Sahagún obtuvo el premio Adonais en 1957, con solo 19 años, con un libro referencial de aquella década: Profecías del agua (1958). Tuvo, además, el privilegio de formar parte de la hoy mítica antología de Francisco Ribes Poesía última (Taurus, 1963), junto a Ángel González, Eladio Cabañero, José Ángel Valente y Claudio Rodríguez, y fue considerado, por la crítica y por el mundo académico, como el más joven integrante de la generación del medio siglo. Taciturno y pesimista, beligerante en defensa de los desfavorecidos (fue una presencia asidua en el Pozo del Tío Raimundo en los tiempos del Padre Llanos), fue, sin embargo, un poeta fronterizo tal y como lo señaló Angel Luis Prieto de Paula: deudor de los poetas más sociales del 50 (incluso de los anteriores como Gabriel Celaya o Blas de Otero) y, a la vez, próximo a los del 68 por edad (nació el mismo año que Manuel Vázquez Montalbán) y por su concepción del poema como materia autónoma, como unidad de crítica, aunque con una renuncia expresa al barroquismo y a los excesos verbales. Su poesía de tono conversacional y de un lirismo hondo y emocionado, se plasmó en libros memorables, hoy olvidados de manera injusta e inmerecida. A Profecías del agua siguió Como si hubiera muerto un niño (1971), poemario que tuvo dos reediciones, en 1992 y en 2008, esta última, con estudio y lectura de un joven poeta, Antonio Lucas, lograda tras muchas dificultades y después de vencer no pocas reticencias (lo viví de cerca como director de la colección en que se publicó). Ese segundo libro consolidó su voz personalísima y lo situó en no pocas antologías epocales (aunque siempre pesó sobre su proyección literaria su condición fronteriza).
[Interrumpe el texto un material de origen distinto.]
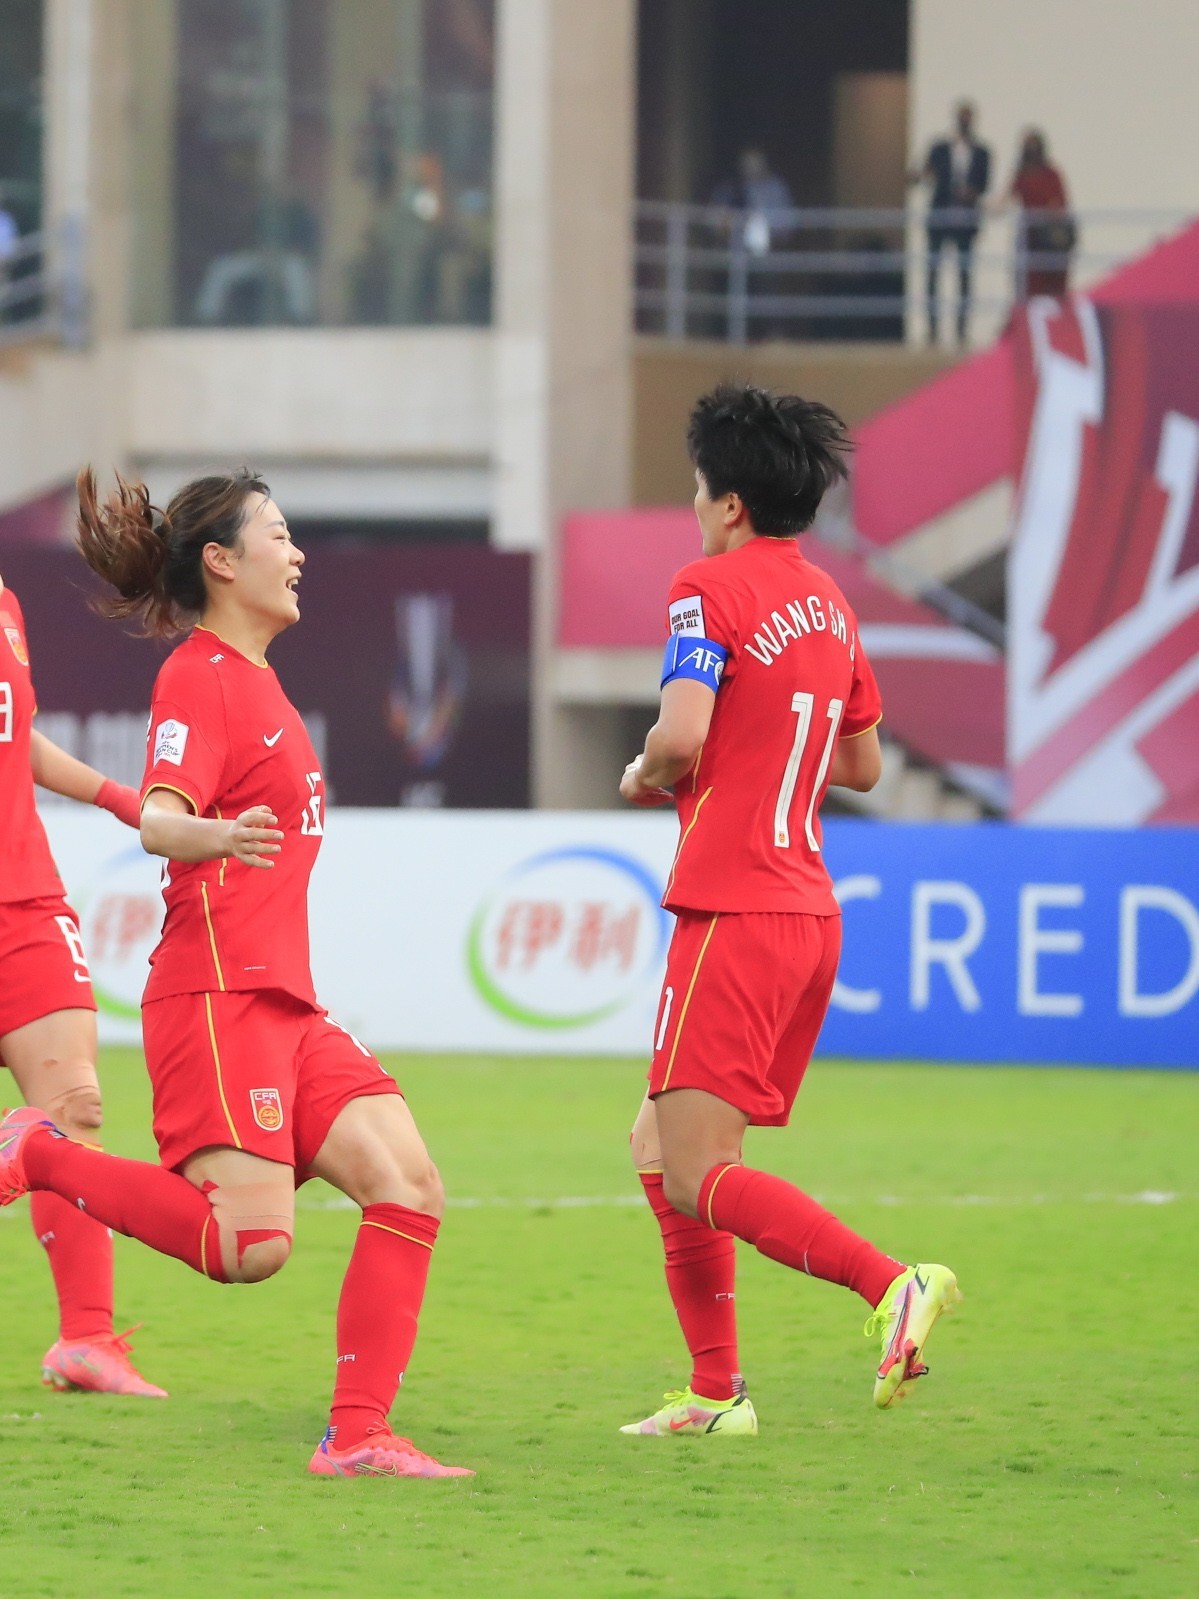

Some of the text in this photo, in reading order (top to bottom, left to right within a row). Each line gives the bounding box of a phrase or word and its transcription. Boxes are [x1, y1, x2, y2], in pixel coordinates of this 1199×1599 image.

[671, 608, 700, 625] OUR GOAL
[673, 618, 699, 632] FOR ALL
[743, 595, 827, 666] WANG
[773, 691, 844, 852] 11
[830, 874, 1199, 1018] CRED
[254, 1092, 277, 1100] CFA
Fue un poeta fronterizo, deudor de los poetas más sociales del 50 (incluso de los anteriores como Gabriel Celaya o Blas de Otero) y, a la vez, próximo a los del 68 por edad y por su concepción del poema como materia autónoma, como unidad de crítica, aunque con una renuncia expresa al barroquismo y a los excesos verbales.En la década de los setenta, Carlos Sahagún vivió el más alto nivel de reconocimiento por parte de la crítica y de los lectores. Publicó, en 1973, Estar contigo, un libro de madurez, un canto de amor tamizado por el compromiso colectivo, por la memoria y por los avatares del presente, compuesto por poemas en los que la intimidad confesada en voz baja, casi confidencial, tenía mucho del tono entre coloquial y elegíaco dominante en ciertas poéticas del cincuenta; bajo el sello Lumen dio a la imprenta su poesía completa, Memorial de la noche, que incluía el poemario En la noche, publicado ese mismo año y comenzó a dirigir la colección El Bardo que fundara José Batlló bajo el marchamo Los libros de la frontera. Profesor de Secundaria en un instituto de Barcelona, firmó un manifiesto contra la unicidad del catalán como idioma oficial en esa nacionalidad histórica y vivió un distanciamiento paulatino respecto a las posiciones políticas dominantes en su entorno profesional en Cataluña.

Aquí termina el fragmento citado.